Lyme Disease Microbiology - Life Cycle

Life Cycle

Further information: Tick#Life cycle

The life cycle of B. burgdorferi is complex, requiring ticks, rodents, and deer at various points. Mice are the primary reservoir for the bacteria; Ixodes ticks then transmit the B. burgdorferi infection to deer.

Hard ticks have a variety of life histories with respect to optimizing their chance of contact with an appropriate host to ensure survival. The life stages of soft ticks are not readily distinguishable. The first life stage to hatch from the egg, a six-legged larva, takes a blood meal from a host, and molts to the first nymphal stage. Unlike hard ticks, many soft ticks go through multiple nymphal stages, gradually increasing in size until the final molt to the adult stage.

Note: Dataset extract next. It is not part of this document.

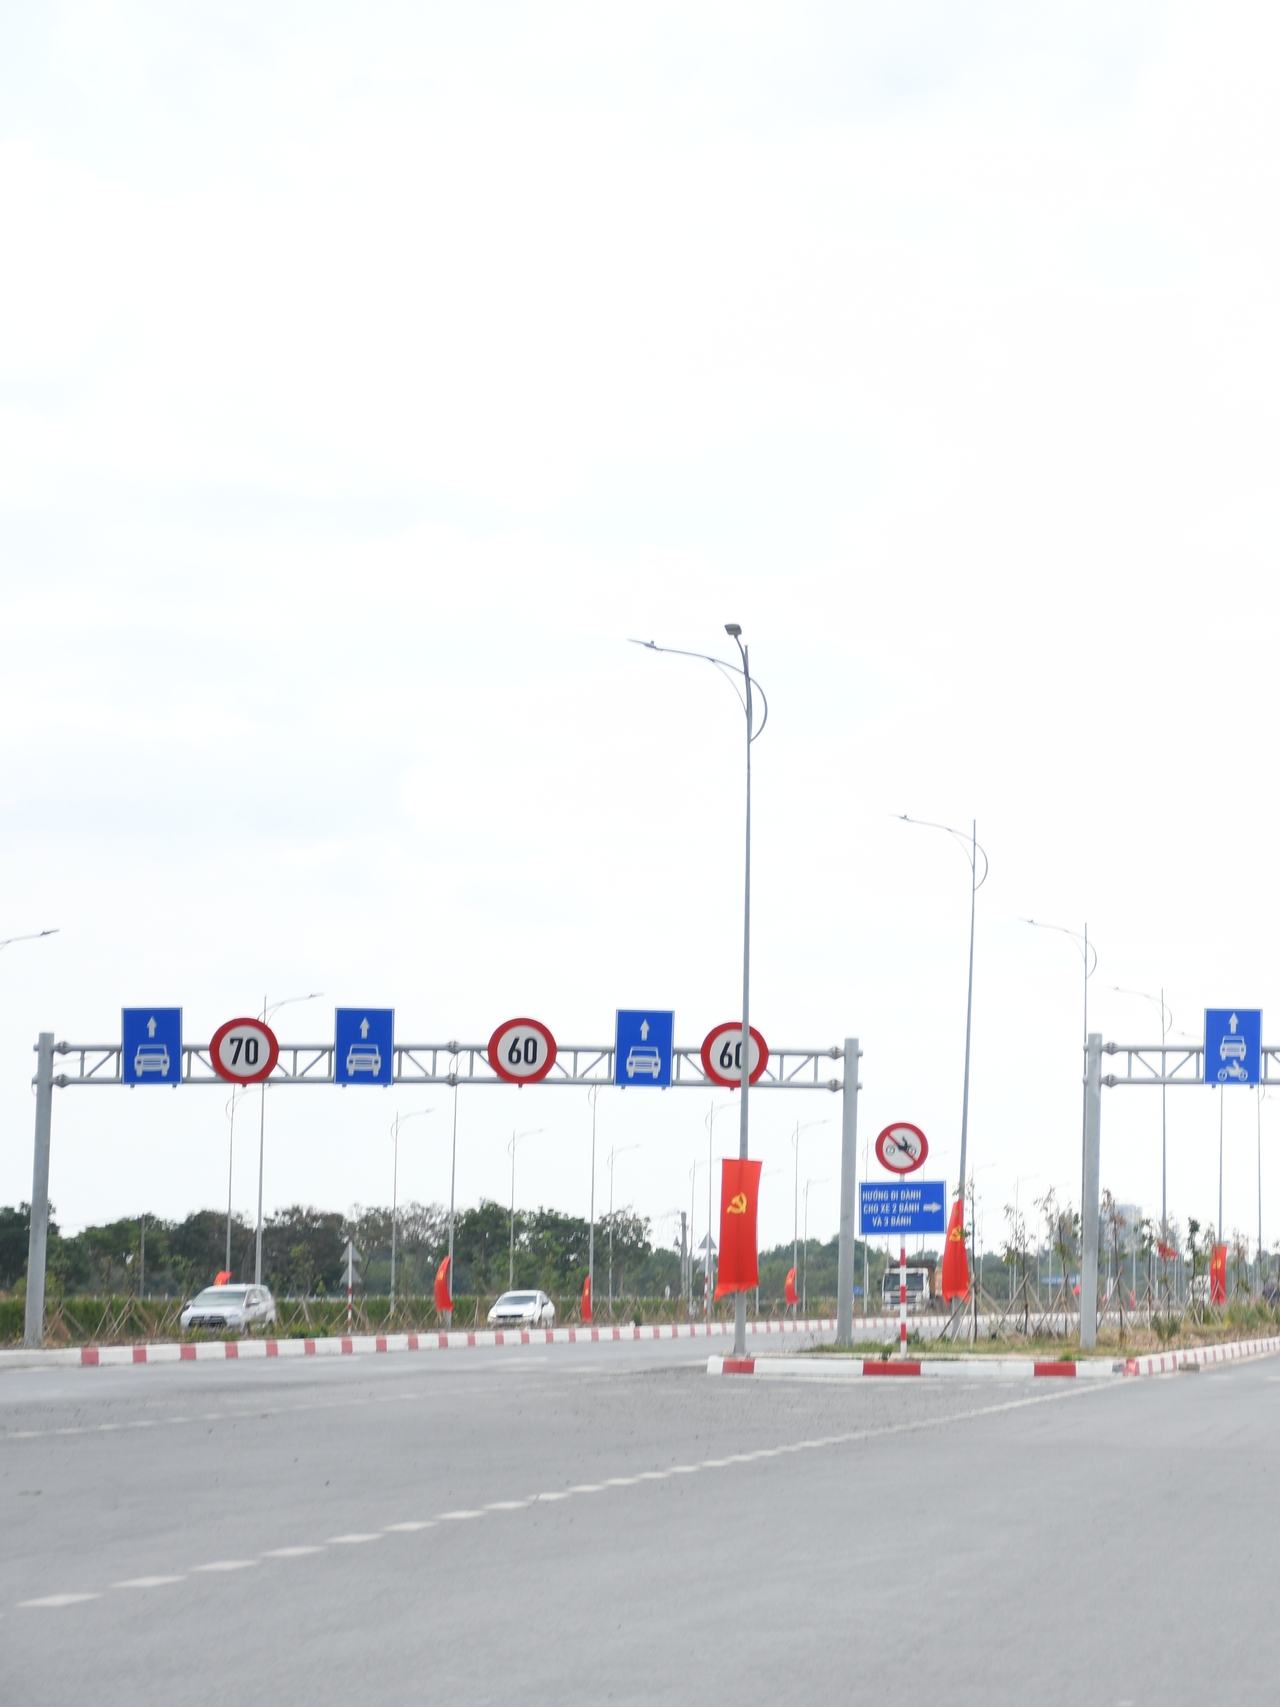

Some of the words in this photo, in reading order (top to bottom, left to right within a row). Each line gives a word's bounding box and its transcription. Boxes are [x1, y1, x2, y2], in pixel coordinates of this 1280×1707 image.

The life cycle of the deer tick comprises three growth stages: the larva, nymph and adult.

The life-cycle concept encompassing reservoirs and infections in multiple hosts has recently been expanded to encompass forms of the spirochete which differ from the motile corkscrew form, and these include cystic spheroplast-like forms, straight non-coiled bacillary forms which are immotile due to flagellin mutations and granular forms, coccoid in profile. The model of Plasmodium species malaria, with multiple parasitic profiles demonstrable in various host insects and mammals, is a hypothesized model for a similarly complex proposed Borrelia spirochete life cycle.

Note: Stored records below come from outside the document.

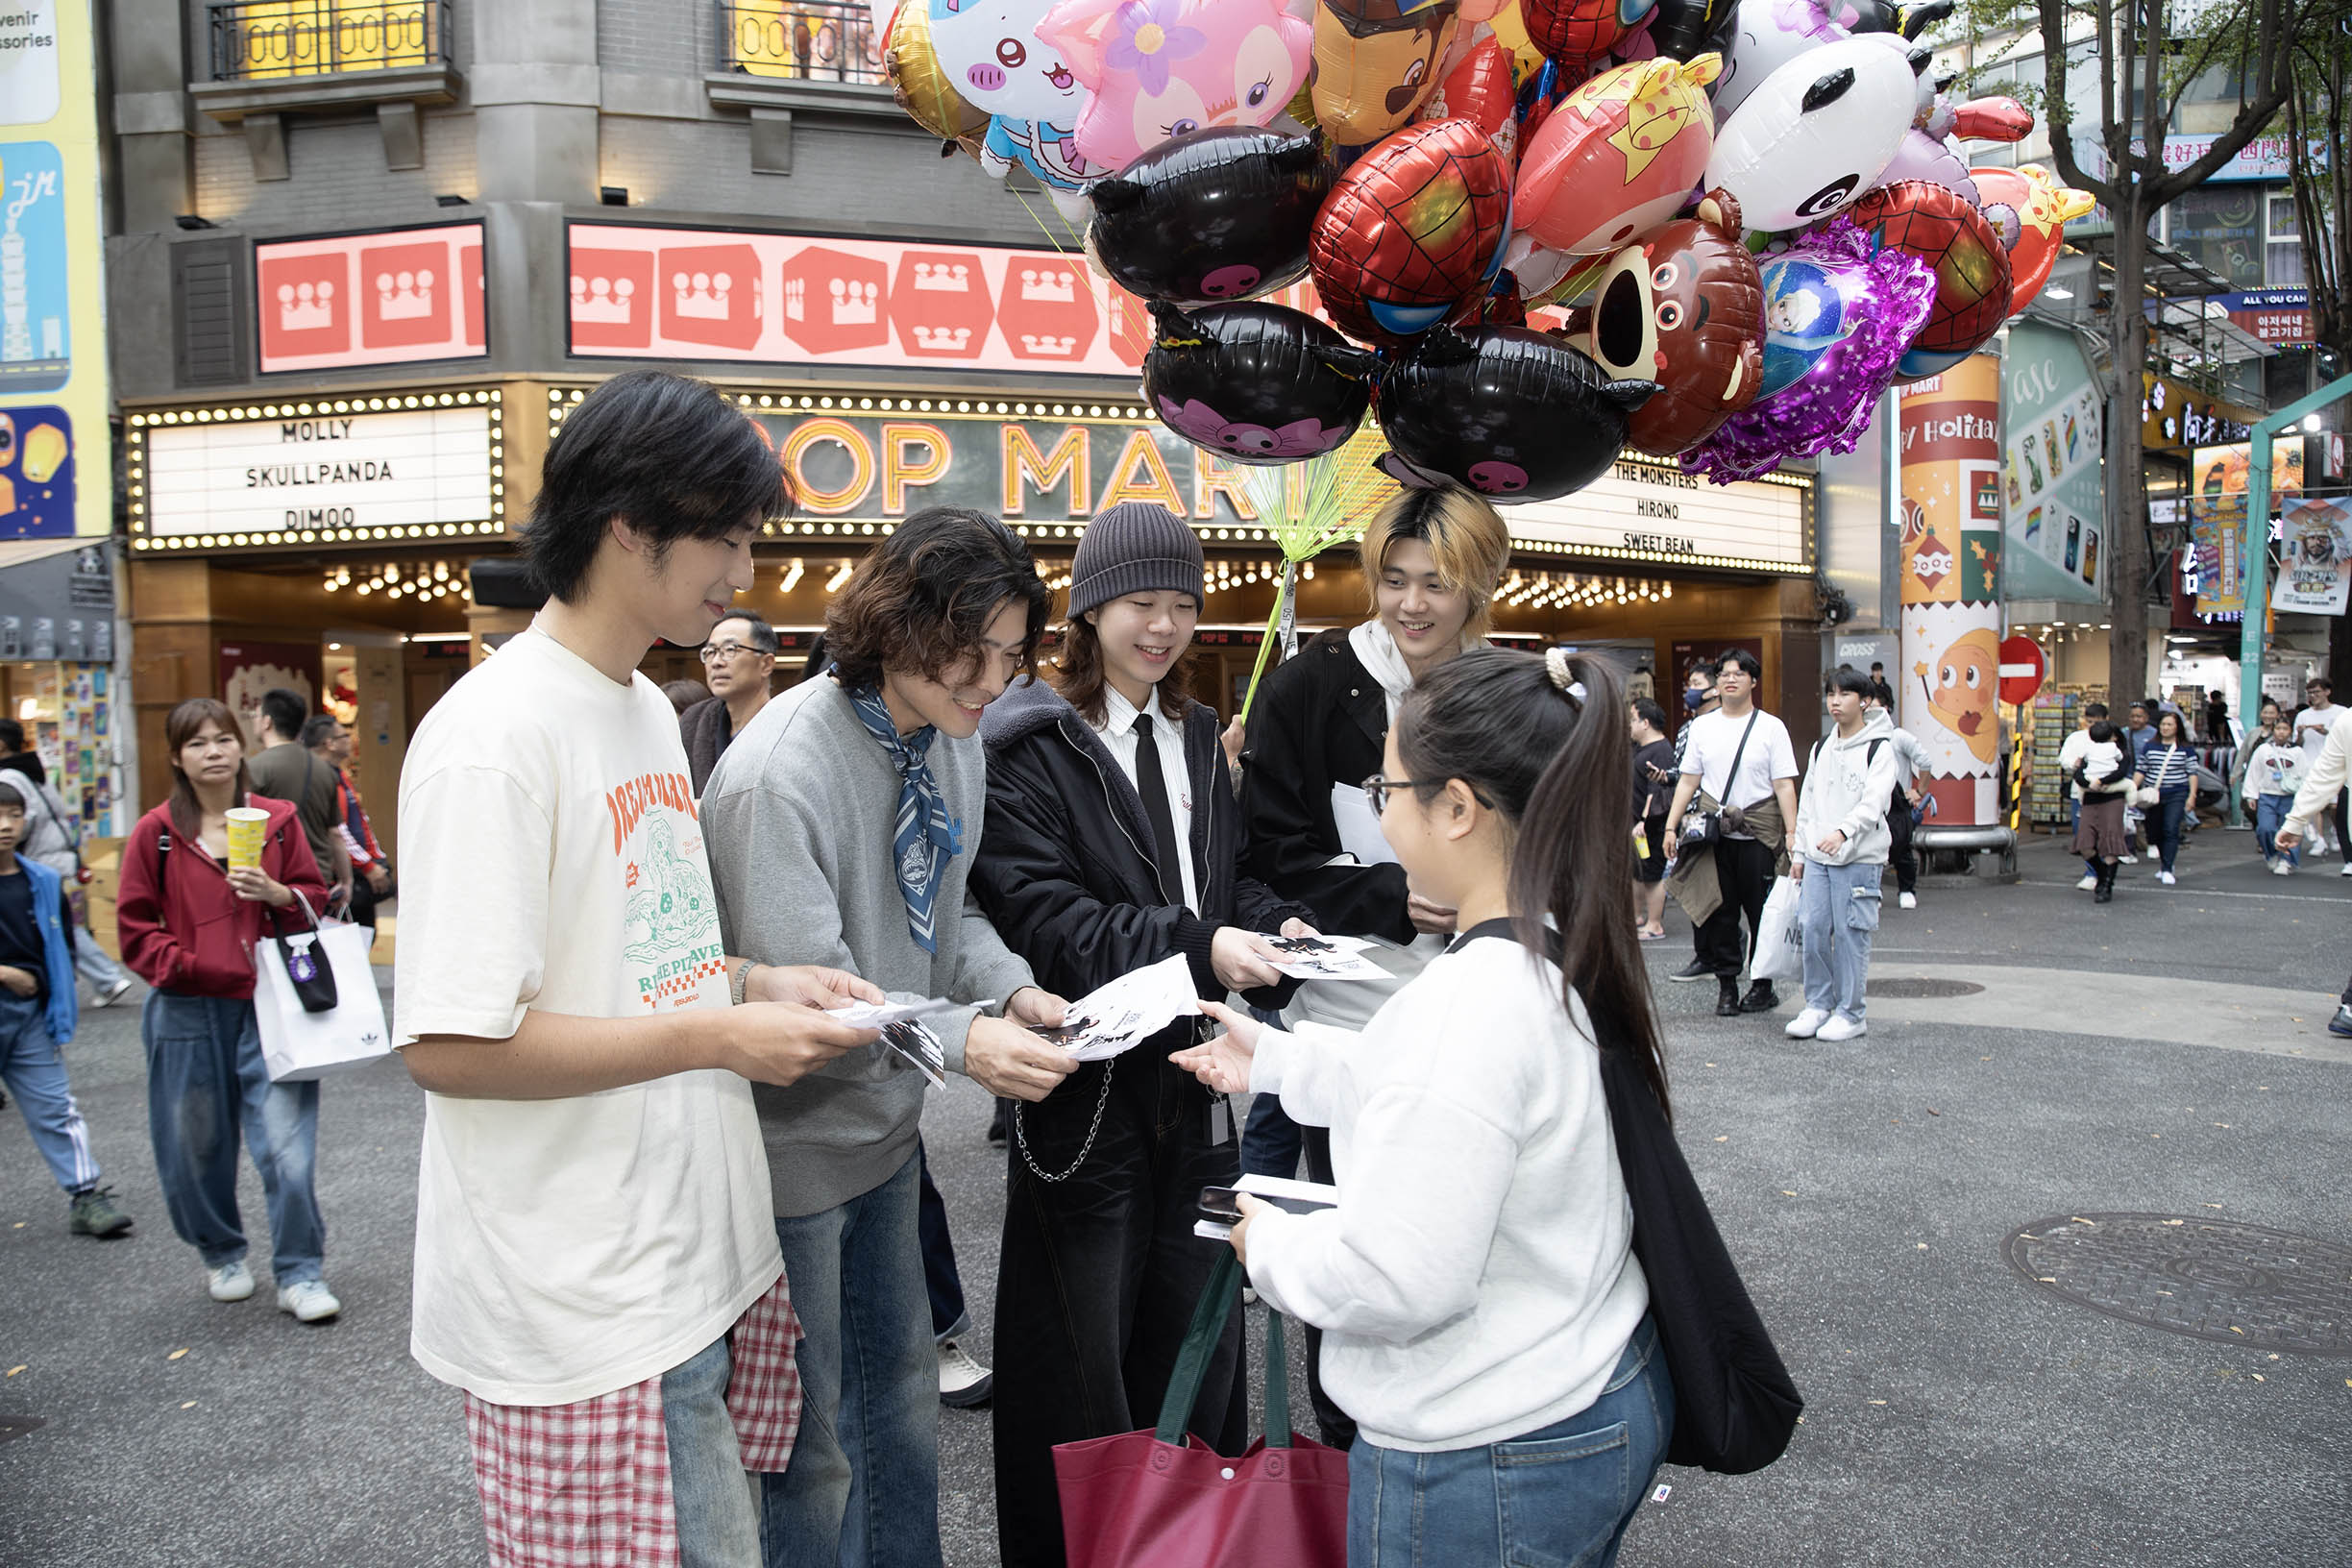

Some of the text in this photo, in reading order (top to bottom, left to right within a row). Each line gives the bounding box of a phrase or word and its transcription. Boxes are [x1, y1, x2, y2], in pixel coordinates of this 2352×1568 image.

[2242, 293, 2308, 306] ALL YOU CAN
[282, 419, 354, 443] MOLLY
[247, 460, 393, 488] SKULLPANDA
[753, 417, 953, 516] OP
[1614, 462, 1699, 490] THE MONSTERS
[285, 507, 355, 529] DIMOO
[1637, 500, 1679, 520] HIRONO
[1624, 532, 1695, 554] SWEET BEAN
[2246, 630, 2256, 642] E
[1839, 642, 1876, 657] CROSS
[2243, 652, 2259, 663] 22

Whereas B. burgdorferi is most associated with deer tick and the white footed mouse, B. afzelli is most frequently detected in rodent-feeding vector ticks, and B. garinii and B. valaisiana appear to be associated with birds. Both rodents and birds are competent reservoir hosts for Borrelia burgdorferi sensu stricto. The resistance of a genospecies of Lyme disease spirochetes to the bacteriolytic activities of the alternative immune complement system of various host species may determine its reservoir host association.